Wednesday, June 16, 1999
Government 'light hand' working fine, Gates says
The Associated Press
WASHINGTON Microsoft Chairman Bill Gates urged a receptive Senate panel Tuesday to continue using a light touch while regulating the high-tech companies that are helping to drive the nation's booming economy.
Mr. Gates testified in a packed room on Capitol Hill, just blocks from the federal courthouse where Microsoft is fighting a landmark antitrust case.
The celebrity billionaire, who didn't testify in the courtroom in his company's defense, barely discussed his legal problems, except to say that antitrust laws are fine and don't need to be rewritten.

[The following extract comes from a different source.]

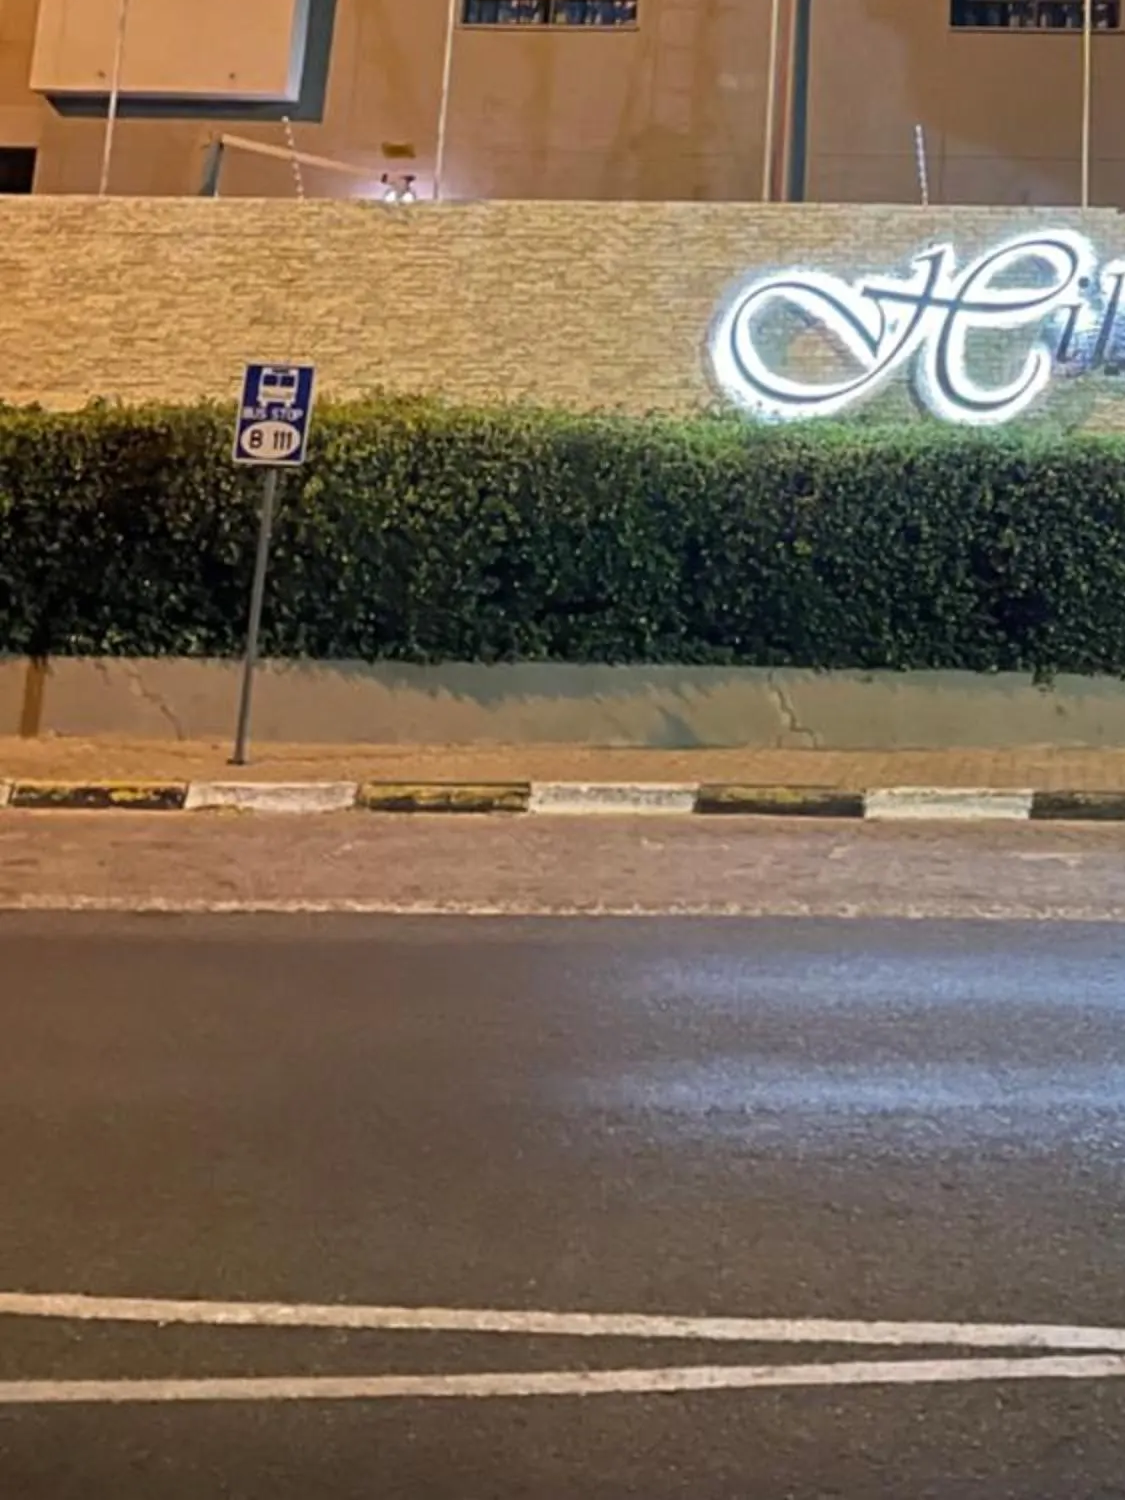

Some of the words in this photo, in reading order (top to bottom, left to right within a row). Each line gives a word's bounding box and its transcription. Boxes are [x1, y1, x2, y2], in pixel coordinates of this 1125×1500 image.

[242, 406, 267, 419] BUS
[271, 407, 304, 421] STOP
[273, 430, 293, 450] 111

The incredible success of this industry in the United States owes a lot to the light hand of government in the technology area, the fact that people can take incredible risks and if they're successful, they can have incredible rewards, said Mr. Gates. Worth more than $60 billion, he is the world's wealthiest person.
That kind of risk-taking attitude is fairly unique to the United States, Mr. Gates added. We really are the envy of the world.
Even as Mr. Gates praised the government's minimalist role regulating his industry, he asked the Joint Economic Committee for fewer restrictions on exporting the most powerful data-scrambling technology.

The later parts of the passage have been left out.